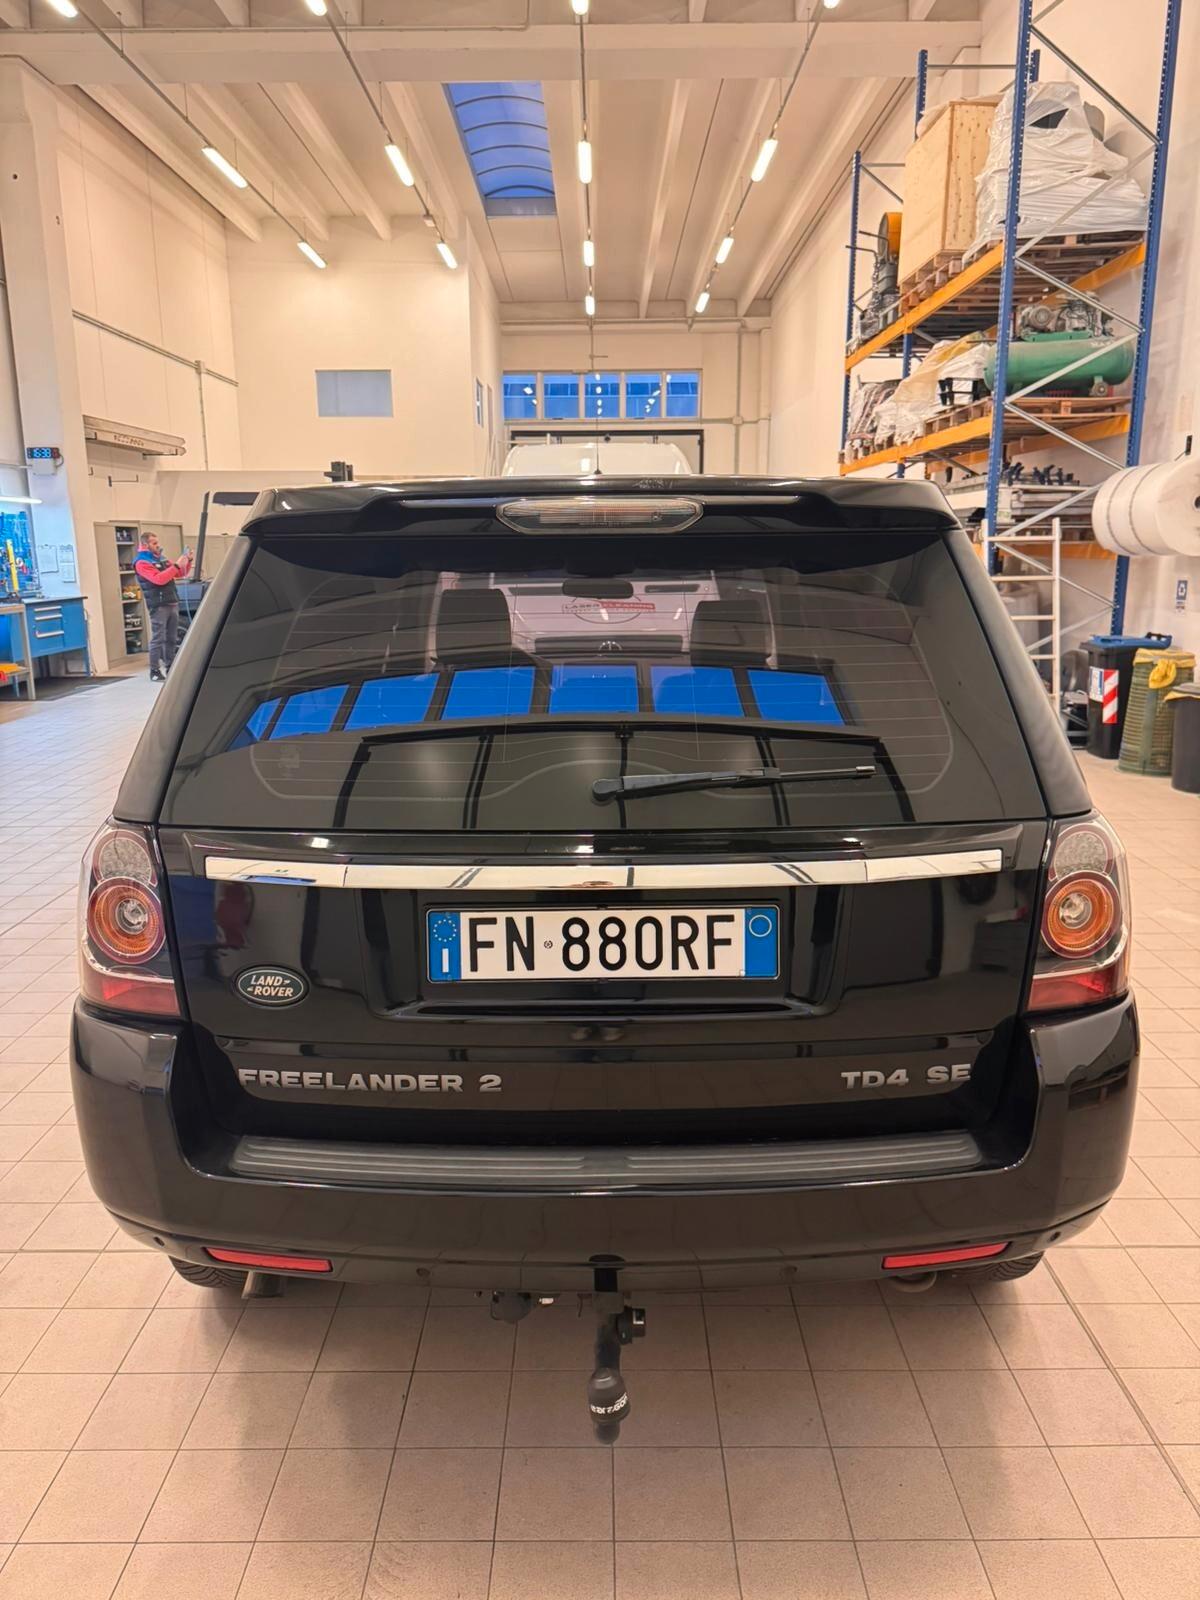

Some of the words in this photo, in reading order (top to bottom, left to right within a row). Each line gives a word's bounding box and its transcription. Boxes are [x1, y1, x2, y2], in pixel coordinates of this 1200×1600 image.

[469, 916, 535, 972] FN
[562, 915, 735, 972] 880RF
[250, 975, 283, 986] LAND
[254, 986, 294, 997] ROVER
[238, 1069, 463, 1093] FREELANDER
[479, 1074, 502, 1093] 2
[841, 1069, 909, 1089] TD4
[927, 1064, 971, 1084] SE

######

Every line of the material is to be quoted exactly, with no pictures carried over.

• **EXPECTED ANSWER**
Some of the words in this photo, in reading order (top to bottom, left to right within a row). Each line gives a word's bounding box and its transcription. Boxes are [x1, y1, x2, y2], in pixel coordinates of this 1200×1600 image.

[469, 916, 535, 972] FN
[562, 915, 735, 972] 880RF
[250, 975, 283, 986] LAND
[254, 986, 294, 997] ROVER
[238, 1069, 463, 1093] FREELANDER
[479, 1074, 502, 1093] 2
[841, 1069, 909, 1089] TD4
[927, 1064, 971, 1084] SE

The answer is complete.